Silencing PEG3 inhibits renal fibrosis in a rat model of diabetic nephropathy by suppressing the NF-κB pathway.

As paternally expressed gene 3 (PEG3), which can activate NF-κB pathway, plays an important role in the development of renal fibrosis in diabetic nephropathy (DN), the present study aimed to investigate the interaction of PEG3 and the NF-κB pathway on renal fibrosis in a DN model. Following the induction of the rat model of DN, a series of experiments were used to measure serum creatinine (Scr), blood urea nitrogen (BUN), urine protein for 24 h (UP24 h), proliferation of renal fibroblasts, positive expression of PEG3, Collagen I and Collagen II protein, the activity of NF-κB, collagen fiber expression and the FSP1 cell ratio (fibroblast marker, reflecting renal fibrosis).

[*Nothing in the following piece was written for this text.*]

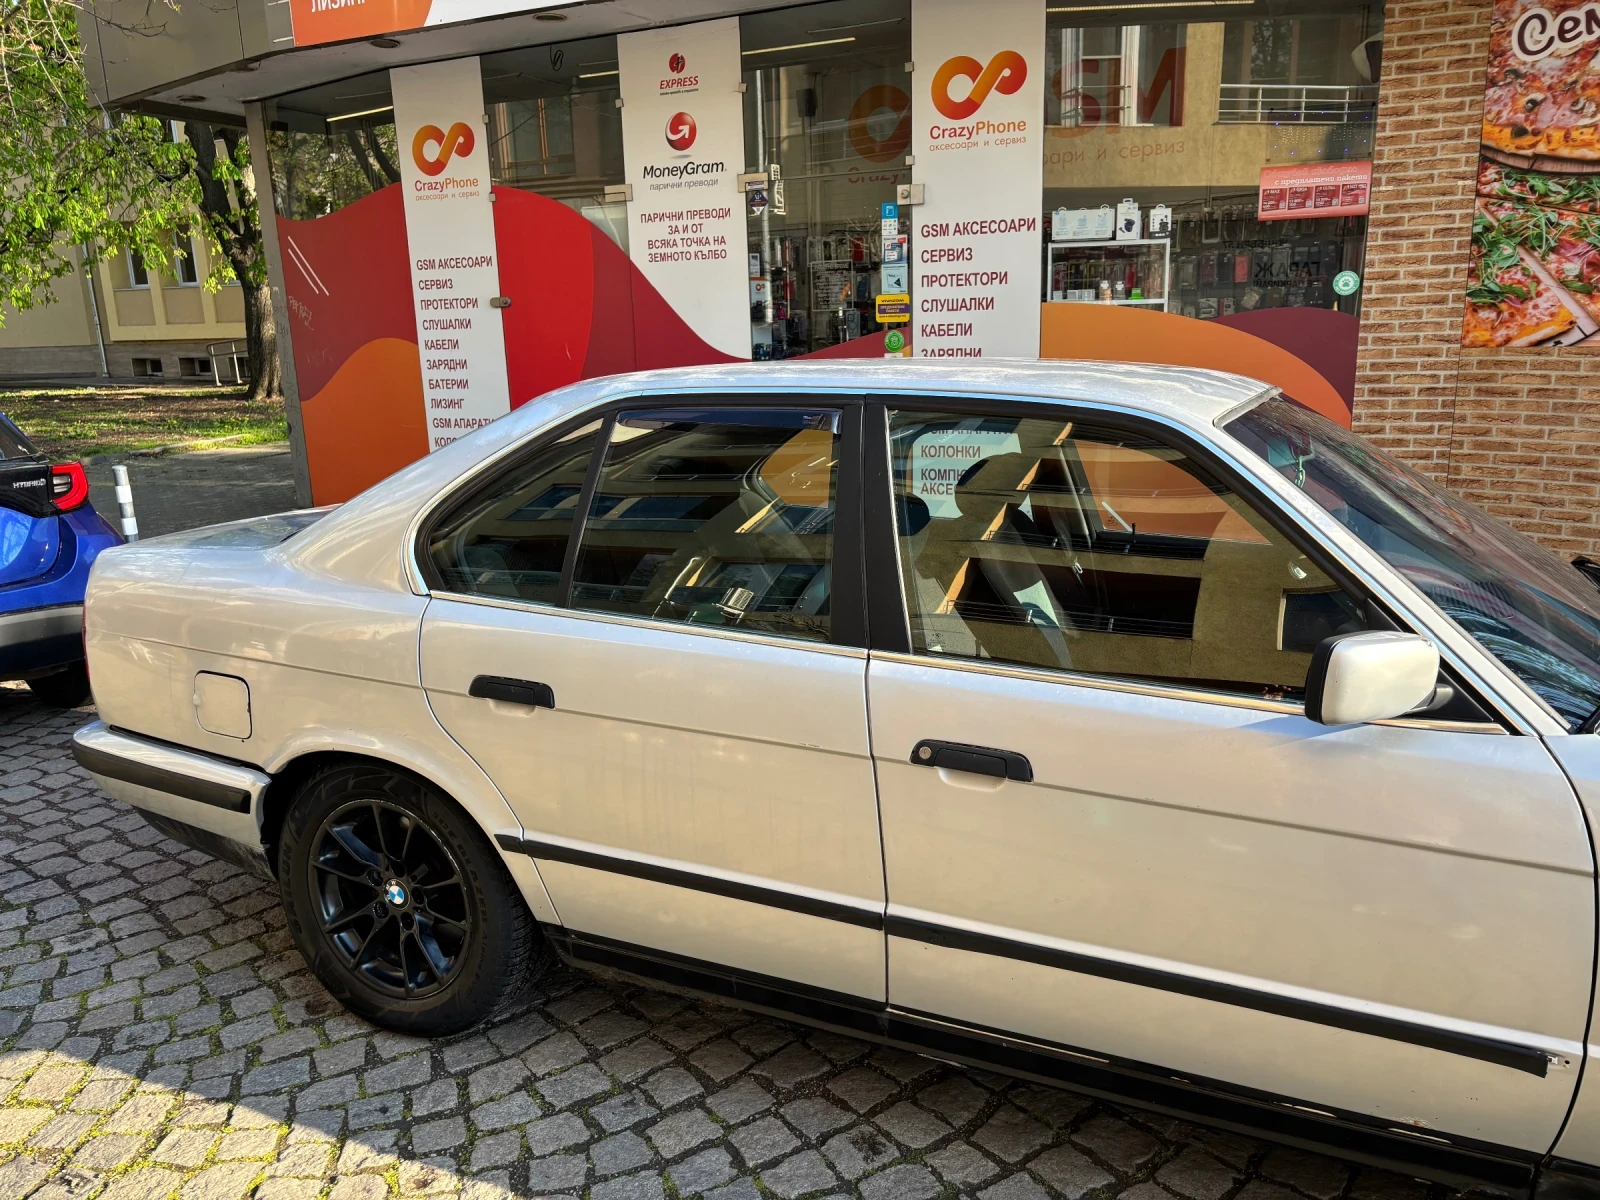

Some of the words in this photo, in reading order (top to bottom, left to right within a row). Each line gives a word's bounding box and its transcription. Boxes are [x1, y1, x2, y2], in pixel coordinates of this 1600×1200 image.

Silencing of PEG3 or inhibition of the NF-κB pathway decreased the levels of Scr, BUN, and UP24 h, down-regulated Collagen I protein and up-regulated Collagen II protein. These treatments also down-regulated the expression of PEG3, NF-κB, Vimentin, α-SMA, FN, caspase-3 and FSP1 and the extents of IκBα, inhibitor of kappa B (IκB) kinase β (IKKβ), and NF-κB p65 phosphorylation while that of E-cadherin was up-regulated, and the ratio of FSP1 cells was decreased. Taken together, these results showed that silencing of PEG3 inhibited the NF-κB pathway, thereby alleviating renal fibrosis in DN, thus presenting PEG3 as a potential therapeutic target in renal fibrosis in DN.